As far as long-term care, the problem is that for many people the available long term care policies don't really meet the actual needs. Most current policies only cover care for a few years. Like many, we could afford to cover the care for a few years. The real fear is long-term care for many years. What I really want is a policy with a 3 year deductible and which covers everything beyond 3 years. But, that isn't available to my knowledge. What is available are policies that will cover the time period that I can cover, but won't cover the super long term stay that I couldn't cover.

Anonymous said...

My mil lived to almost 87 she did not have much a maximum on her first husbands social security and ssi from her disabled working son who is now 60 years old..She passed at Christmas 2000 we paid for the funeral no one did one damn thing, she had 9 kids 2 were already passed from this life, my hubs the oldest she thought of him as the bank of America at times, I held firm knowing we were not, she tried to get money for her two worthless drug and alcohol sons but we never gave her much only paid for some bills once or twice, she lived like she was going to live forever, some Mom I say, she never cooked or cleaned and her husband my hubs dad never supported her or his many kids he lived to 74 and died of liver cancer for all his alcohol stuff and running around with women and smoking since he was 11 years old both lived a long long time..I say why worry about anything, you are not getting out of this world alive..

Anonymous said...

My aunt my mom's only sibling is nearly 100 she bought into a lovely place she was married 2 times and divorced no children and extremely frugal and thrifty owned her business, sold properties in san diego California she got in and after world war 2, she made a killing..She is doing well will be 100 pretty soon in 2 years, she seems happy, outlived my Grandmother and my mother by about 30 to 45 years, she watched all the crap from the depression and let me know to save and save some more, a wedding gift was two months on our mortgage which I promptly paid off and paid on the equity and paid our home off in 14 years by making extra payments all the time. We don't live lavishly nor do we live like we are homeless people, we are okay, just don't expect to live a long long life, type 2 diabetes, my Mom passed when she was in her early 40's due to cancer which has afflicted my family..One should live like they will not be living a long life with all the cancers, etc. that is plaguing the society in general..

Gabbygeezer said...

I've been retired for 21 years. We live comfortably on about half the income my salary once generated. The keys were to have no mortgage at retirement time and to be careful about expenditures all the time. We are able to buy everything we really need, and also enjoy some travel, lots of dining out, remodeling our home, and the ability to help our son as he establishes a business.

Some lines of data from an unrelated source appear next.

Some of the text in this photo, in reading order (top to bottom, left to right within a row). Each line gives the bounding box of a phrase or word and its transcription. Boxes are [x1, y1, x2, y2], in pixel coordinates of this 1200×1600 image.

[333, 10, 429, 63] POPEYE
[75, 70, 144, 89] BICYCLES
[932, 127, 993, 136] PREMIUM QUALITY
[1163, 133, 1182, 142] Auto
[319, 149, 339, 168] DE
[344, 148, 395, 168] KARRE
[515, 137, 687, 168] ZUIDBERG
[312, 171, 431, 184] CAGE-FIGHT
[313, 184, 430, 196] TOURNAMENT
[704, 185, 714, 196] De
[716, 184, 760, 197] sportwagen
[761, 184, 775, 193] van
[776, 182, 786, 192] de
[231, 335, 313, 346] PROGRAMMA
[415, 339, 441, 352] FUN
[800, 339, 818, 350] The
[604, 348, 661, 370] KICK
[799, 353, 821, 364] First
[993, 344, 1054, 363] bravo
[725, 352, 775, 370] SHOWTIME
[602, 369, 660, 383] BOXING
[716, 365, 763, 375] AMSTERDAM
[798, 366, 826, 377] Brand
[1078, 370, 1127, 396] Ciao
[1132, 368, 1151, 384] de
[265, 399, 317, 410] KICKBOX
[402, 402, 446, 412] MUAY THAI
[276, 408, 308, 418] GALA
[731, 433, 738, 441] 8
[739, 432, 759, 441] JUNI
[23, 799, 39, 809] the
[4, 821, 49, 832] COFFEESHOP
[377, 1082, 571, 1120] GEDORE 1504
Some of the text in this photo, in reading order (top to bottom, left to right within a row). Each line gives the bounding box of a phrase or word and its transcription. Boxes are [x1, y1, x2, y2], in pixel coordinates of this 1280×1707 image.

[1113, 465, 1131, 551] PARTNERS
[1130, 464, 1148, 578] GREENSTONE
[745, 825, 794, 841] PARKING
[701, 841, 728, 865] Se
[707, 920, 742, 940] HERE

I don't think there is a standard formula that can tell everyone how much they need to be able to retire comfortably. It is a matter of life style choices, and those can vary considerably for each individual.

Jane said...

I would encourage young people to save regularly. At the start, the habit of saving is more important than the amount.

I live a middle class life and even though the calculators say I have plenty, I am concerned about end of life care. There are no viable alternatives other than moving to Oregon

Baby Boomers Fitness said...

We have about 11-12 years to go before retirement. I'm finishing up 2 years of tracking our expenses, (which is eye opening). But it really allows me to understand what our expenses will be like in retirement.

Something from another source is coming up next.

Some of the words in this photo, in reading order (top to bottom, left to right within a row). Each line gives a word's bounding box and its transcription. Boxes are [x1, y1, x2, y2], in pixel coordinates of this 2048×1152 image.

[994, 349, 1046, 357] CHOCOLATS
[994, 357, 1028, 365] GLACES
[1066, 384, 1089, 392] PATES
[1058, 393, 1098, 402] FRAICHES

Lancaster, PA nursing homes said...

I would like to encourage all people to save on regularly basis, then at the time of retirement you can get big savings.

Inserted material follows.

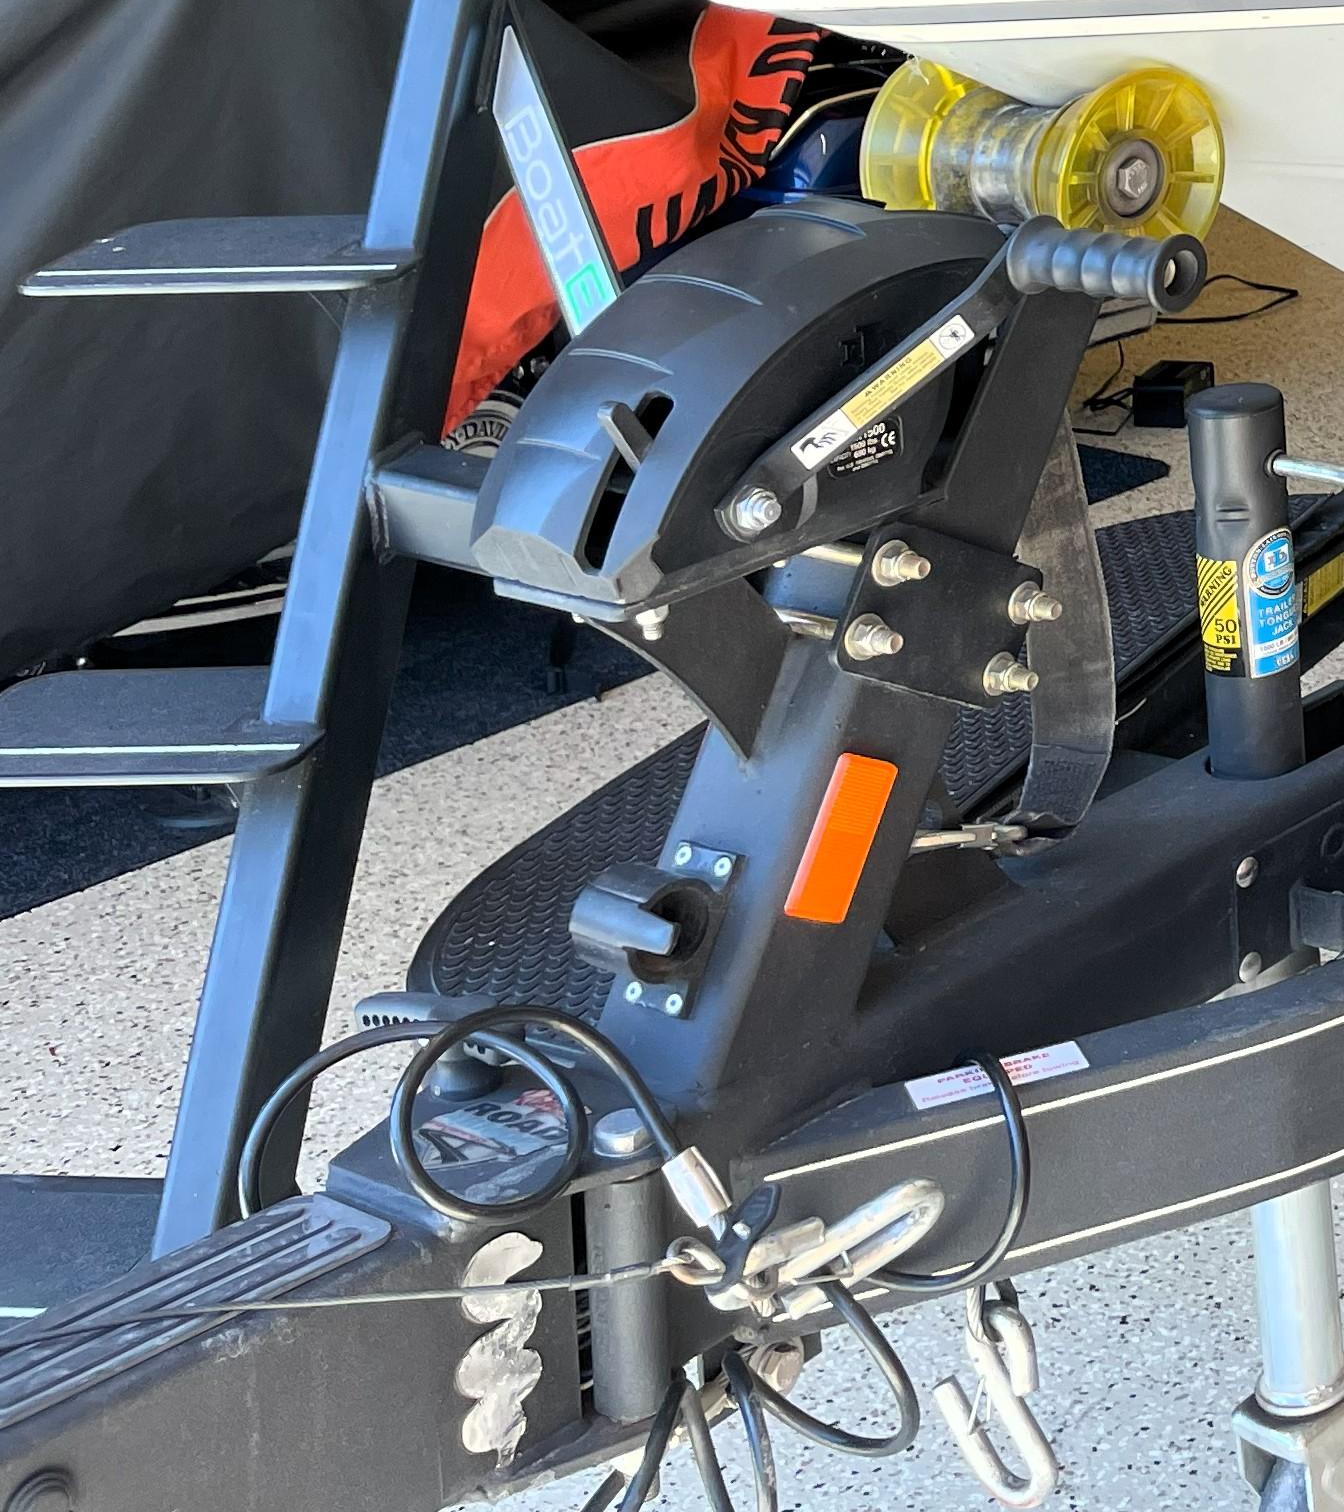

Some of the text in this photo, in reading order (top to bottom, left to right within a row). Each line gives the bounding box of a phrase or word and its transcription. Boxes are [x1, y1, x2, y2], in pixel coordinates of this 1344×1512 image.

Lancaster, PA retirement homes said...

Yes Saving while working is very essential at the end when retirement time comes at that time this saving is very helpful.

Linda Myers said...

We live on five pensions (including SS) of varying amounts, plus about $1,000 a month withdrawn from savings and investments. We are fine unless one of us lives for ten years in a nursing home. I am determined that will not happen.